Ok will try that. Btw forgot to mention that I formatted boot and root partitions and now the GRUB menu won’t show anymore like before. It will just boot straight to the faulty install of Manjaro with emergency root shell. Anyway, will see if those steps work. If it means me having to recreate the LVMs from scratch then I could give that a try, but don’t see how that would make it any different since I formatted the root installation and just kept the home files on a separate Volume group
Ok, I’ve tried to do that, updated fstab with /dev/mapper/ubuntu--vg-root / ext4 defaults 0 1
And same for /home and /boot and /boot/efi. I then edited the hooks like you said and got the same error as before with it not finding /dev/mapper/ubuntu–vg-root and dropping me to the emergency root shell. I even tried to used systemd hooks as I saw that some people seemed to have solved it that way, and still same error.
I would be happy to scrap the LVM system if there is another slightly easier way to use an encrypted installation just for Manjaro. Does anyone know anything more about it? Cheers.
Oh God. I’m going to lose all the programs and stuff I have on Windows that I use for music. Not that this laptop is my main workstation, I use it as a secondary machine but it’s going to be a nightmare even just to reinstall Windows. Don’t think I’ll go down that route…
If I delete the existing LVM only, does Manjaro Installer support creating a new encrypted LVM and installing Manjaro on it instead?
Would it be alright if I deleted the LVM on LUKS and created just another big one that will include root, home and boot sections (alongside all the rest) and try to set up the installation with the graphical installer rather than having to do it all manually? I feel like I’m missing something the manual way…
That is exactly what I must be missing then. I don’t know the steps to be taken, would you be so kind to provide me a guide or something that explains them please? I’m quite at a loss at the moment
I assumed since you wanted to do LVM on LUKS you would have the necessary knowledge to apply before doing the actual install.
The simplest less complicated method I know of uses systemd to boot and it does not involve LVM.
Please bear with me linking to my notepad - while I have published the notes here I cannot remember when or if it was the archived instace - my notepad is there to help me remember.
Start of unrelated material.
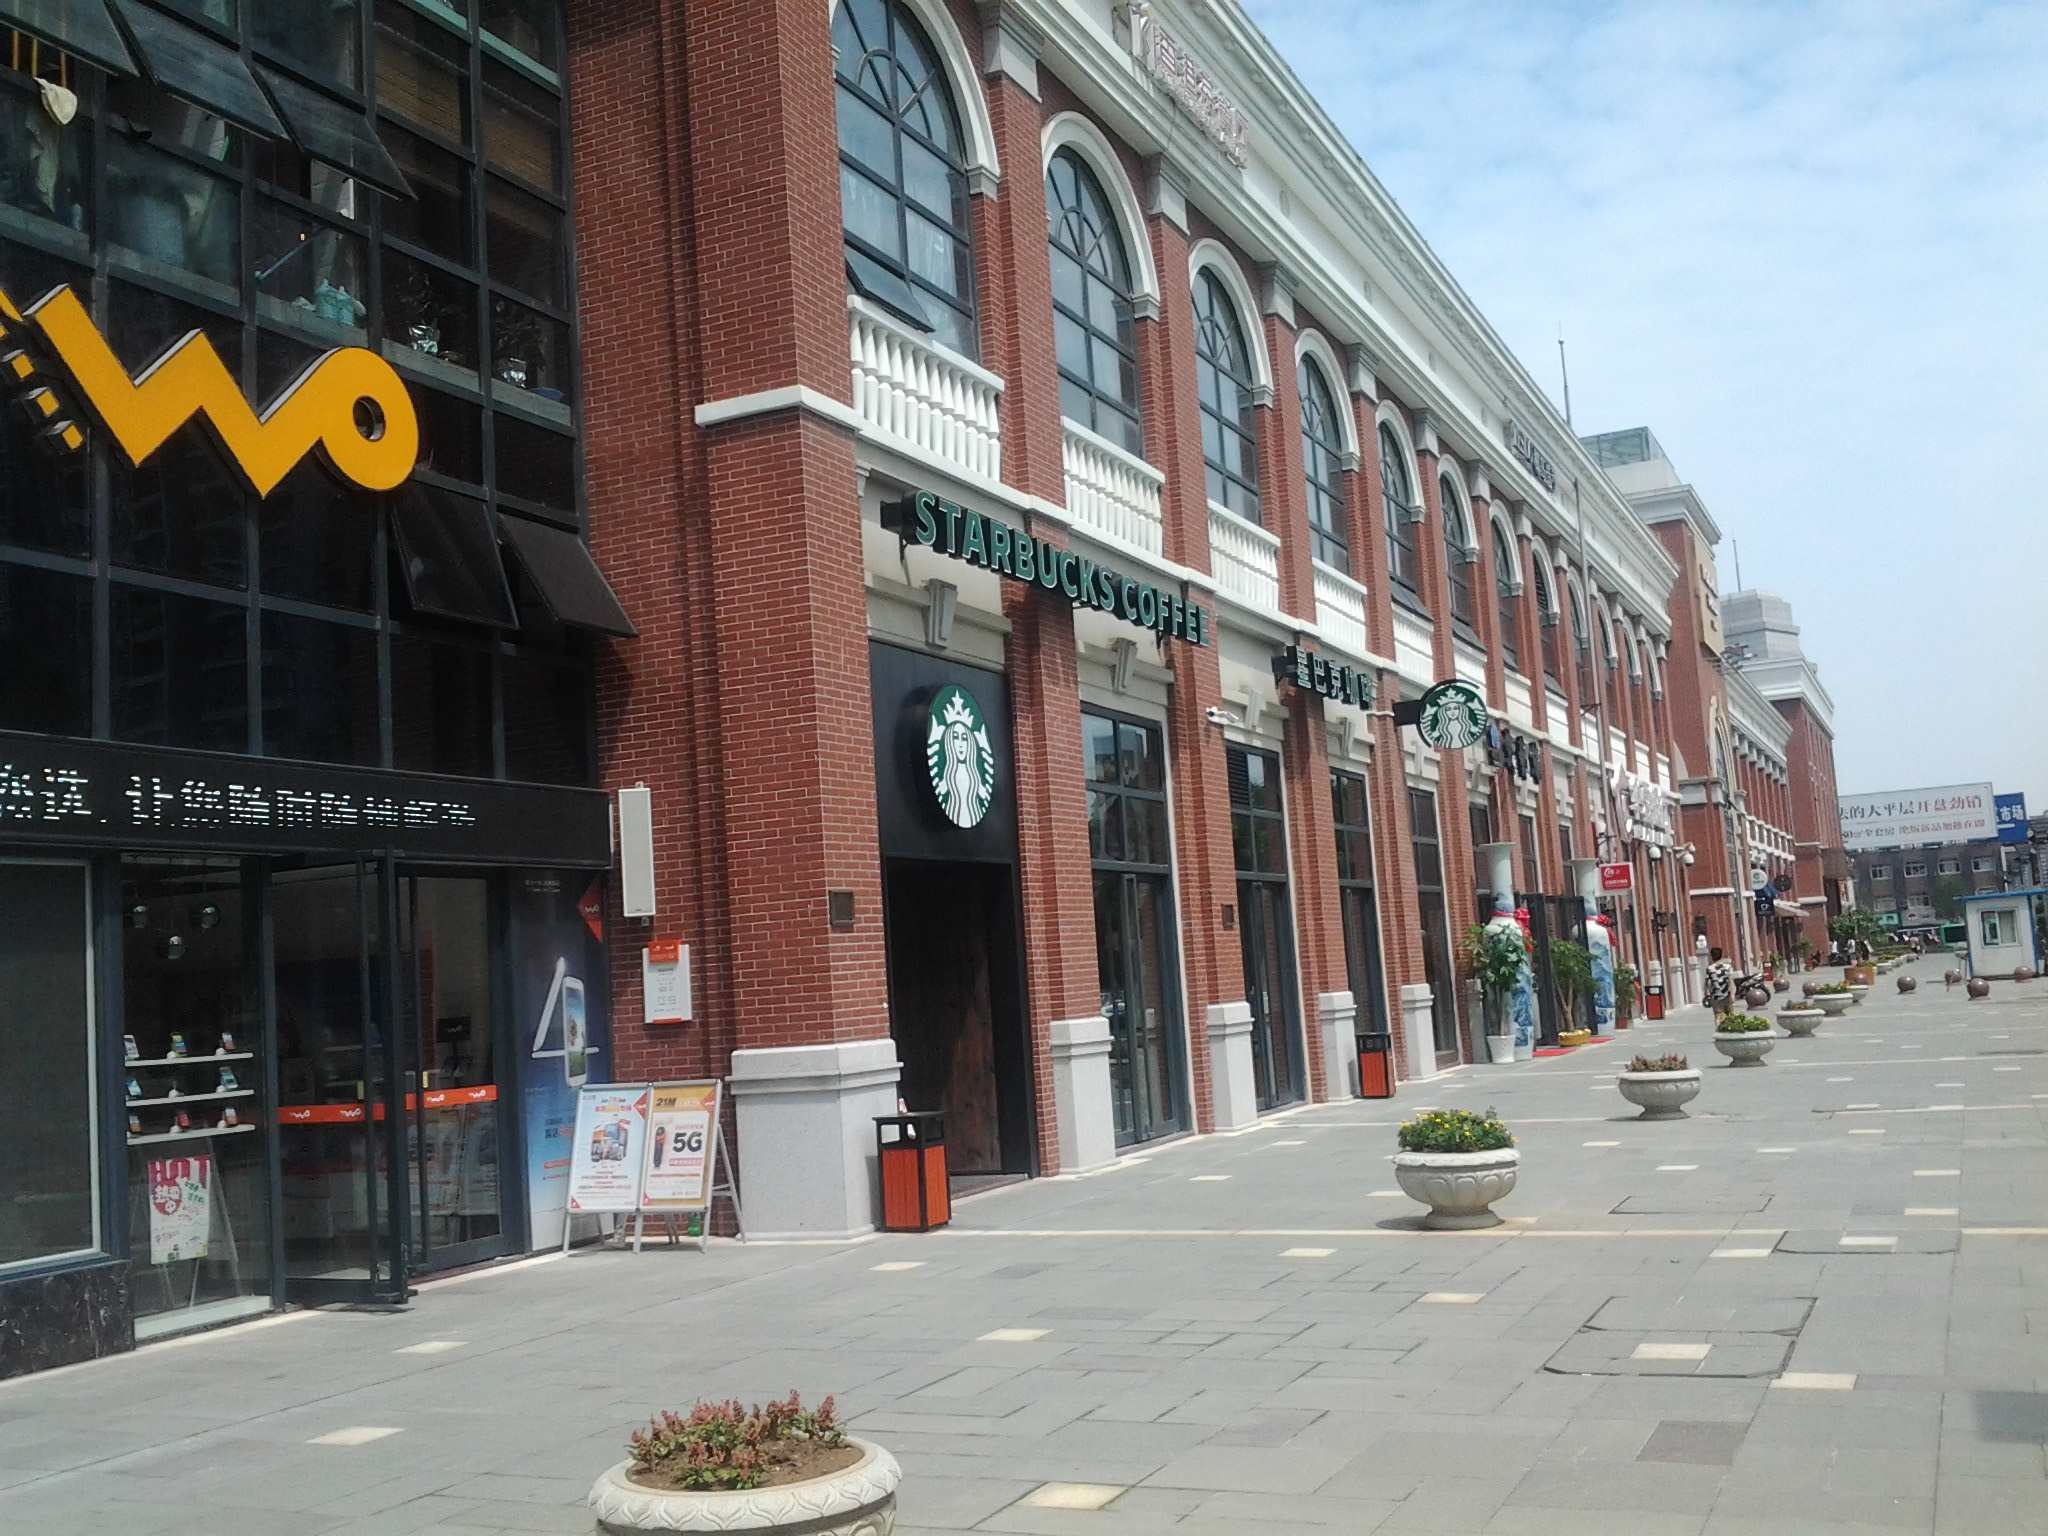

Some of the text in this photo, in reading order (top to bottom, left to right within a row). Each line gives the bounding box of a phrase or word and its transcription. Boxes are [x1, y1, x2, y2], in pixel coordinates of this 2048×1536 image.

[915, 490, 1211, 648] STARBUCKS COFFEE
[1995, 804, 2024, 823] 市场
[672, 1131, 703, 1152] 5G
While LVM certainly has application in some use-cases - it rarely has application for personal computing - but that is only my personal opinion - and you should use what ever you like - but LVM and RAID I steer clear - instead I have come to appreciate backup, git providers and cloud storage.
I did try the 2nd method and it still didn’t work. It still shows me the error about /dev/mapper/ubuntu–vg-root not found. Even though I checked the fstab file and everything seems configured properly. Now this is the guide I followed initially to setup the LVM on LUKS for Ubuntu https://help.ubuntu.com/community/Full_Disk_Encryption_Howto_2019
As you can see from that guide it creates 2 LVM on LUKS one for root, home and all the rest and the other a LUKS1 for the encrypted boot. Now I don’t think this setup would work for Manjaro, so I thought of asking you, should I just scrap the existing LVMs on LUKS I have at the moment and just create 1 big partition for all the installation that is root, home, boot and everything else in just one big LVM on LUKS and then try to follow these guides again? As having two makes things so much more complicated and seems unnecessary as I think even if the boot partition is in a LUKS2 container it should still succeed in being decrypted at boot by GRUB.